** Opening THE DATA block **

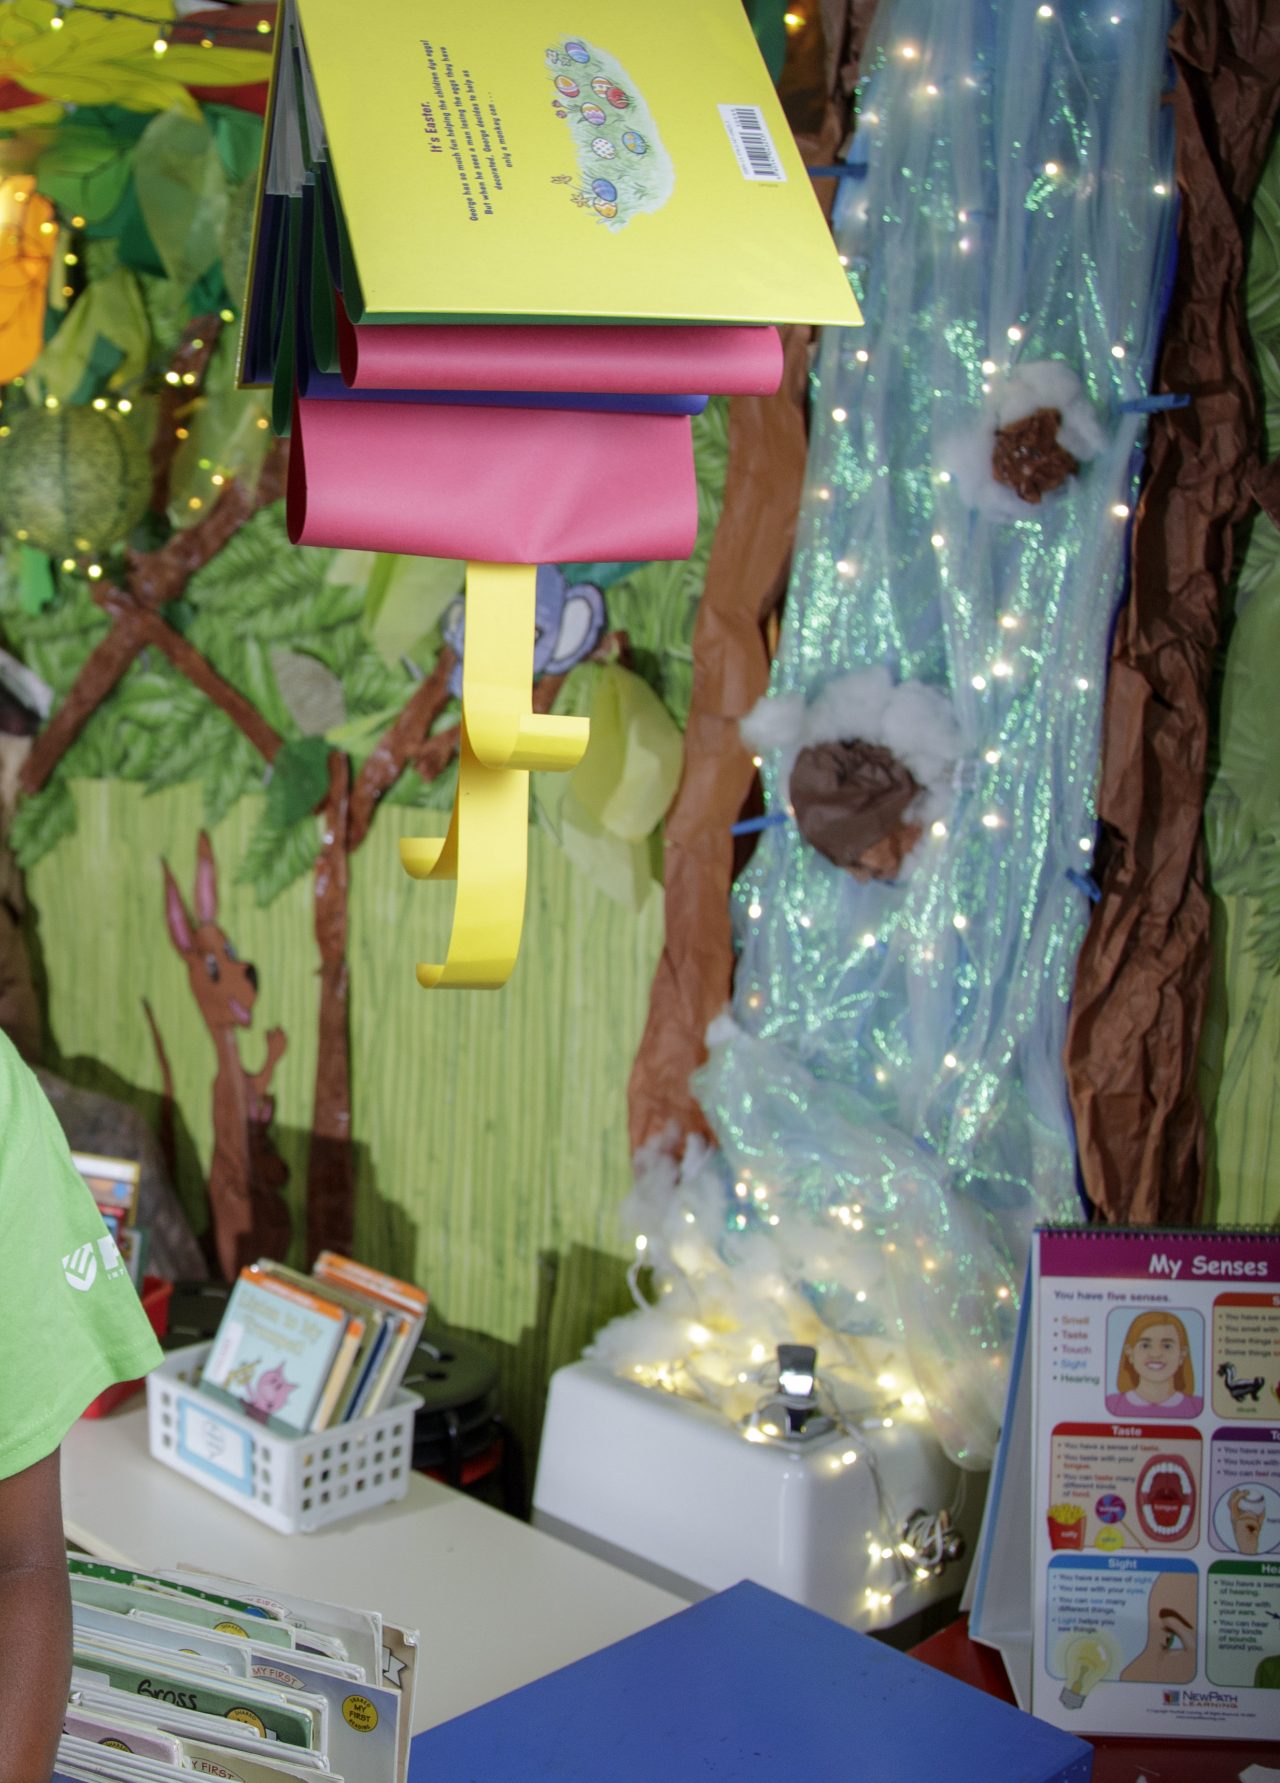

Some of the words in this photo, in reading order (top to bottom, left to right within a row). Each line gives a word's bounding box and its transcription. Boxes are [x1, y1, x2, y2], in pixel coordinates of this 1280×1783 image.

[440, 46, 450, 62] have
[428, 59, 437, 70] dye
[445, 63, 454, 78] they
[431, 72, 444, 98] children
[449, 80, 460, 95] eggs
[465, 79, 475, 93] help
[439, 100, 447, 110] the
[454, 96, 462, 107] the
[472, 103, 485, 128] decides
[443, 112, 455, 137] helping
[493, 117, 505, 144] monkey
[428, 137, 443, 152] It's
[449, 139, 459, 150] fun
[465, 131, 474, 145] man
[480, 129, 492, 152] George
[452, 152, 464, 171] much
[470, 154, 480, 169] sees
[502, 153, 513, 168] only
[460, 172, 467, 180] so
[475, 171, 484, 180] he
[462, 183, 471, 195] has
[479, 182, 489, 200] when
[466, 197, 479, 221] George
[483, 202, 493, 215] But
[1149, 1253, 1182, 1279] My
[1191, 1255, 1268, 1276] Senses
[1054, 1291, 1074, 1301] You
[1077, 1291, 1103, 1301] have
[1107, 1292, 1126, 1301] five
[1061, 1359, 1087, 1369] Sight
[1060, 1375, 1100, 1385] Hearing
[1111, 1425, 1142, 1437] Taste
[1108, 1558, 1137, 1569] Sight
[252, 1667, 266, 1676] MY
[270, 1670, 297, 1685] FIRST
[137, 1679, 197, 1710] Gross
[354, 1704, 367, 1712] MY
[1183, 1702, 1238, 1710] LEARNING
[349, 1710, 371, 1723] FIRST
[201, 1763, 235, 1780] FIRST

** Closing THE DATA block **

Every line of the listing above is to be repeated exactly, with its pictures left out.

Some of the words in this photo, in reading order (top to bottom, left to right within a row). Each line gives a word's bounding box and its transcription. Boxes are [x1, y1, x2, y2], in pixel coordinates of this 1280×1783 image.

[440, 46, 450, 62] have
[428, 59, 437, 70] dye
[445, 63, 454, 78] they
[431, 72, 444, 98] children
[449, 80, 460, 95] eggs
[465, 79, 475, 93] help
[439, 100, 447, 110] the
[454, 96, 462, 107] the
[472, 103, 485, 128] decides
[443, 112, 455, 137] helping
[493, 117, 505, 144] monkey
[428, 137, 443, 152] It's
[449, 139, 459, 150] fun
[465, 131, 474, 145] man
[480, 129, 492, 152] George
[452, 152, 464, 171] much
[470, 154, 480, 169] sees
[502, 153, 513, 168] only
[460, 172, 467, 180] so
[475, 171, 484, 180] he
[462, 183, 471, 195] has
[479, 182, 489, 200] when
[466, 197, 479, 221] George
[483, 202, 493, 215] But
[1149, 1253, 1182, 1279] My
[1191, 1255, 1268, 1276] Senses
[1054, 1291, 1074, 1301] You
[1077, 1291, 1103, 1301] have
[1107, 1292, 1126, 1301] five
[1061, 1359, 1087, 1369] Sight
[1060, 1375, 1100, 1385] Hearing
[1111, 1425, 1142, 1437] Taste
[1108, 1558, 1137, 1569] Sight
[252, 1667, 266, 1676] MY
[270, 1670, 297, 1685] FIRST
[137, 1679, 197, 1710] Gross
[354, 1704, 367, 1712] MY
[1183, 1702, 1238, 1710] LEARNING
[349, 1710, 371, 1723] FIRST
[201, 1763, 235, 1780] FIRST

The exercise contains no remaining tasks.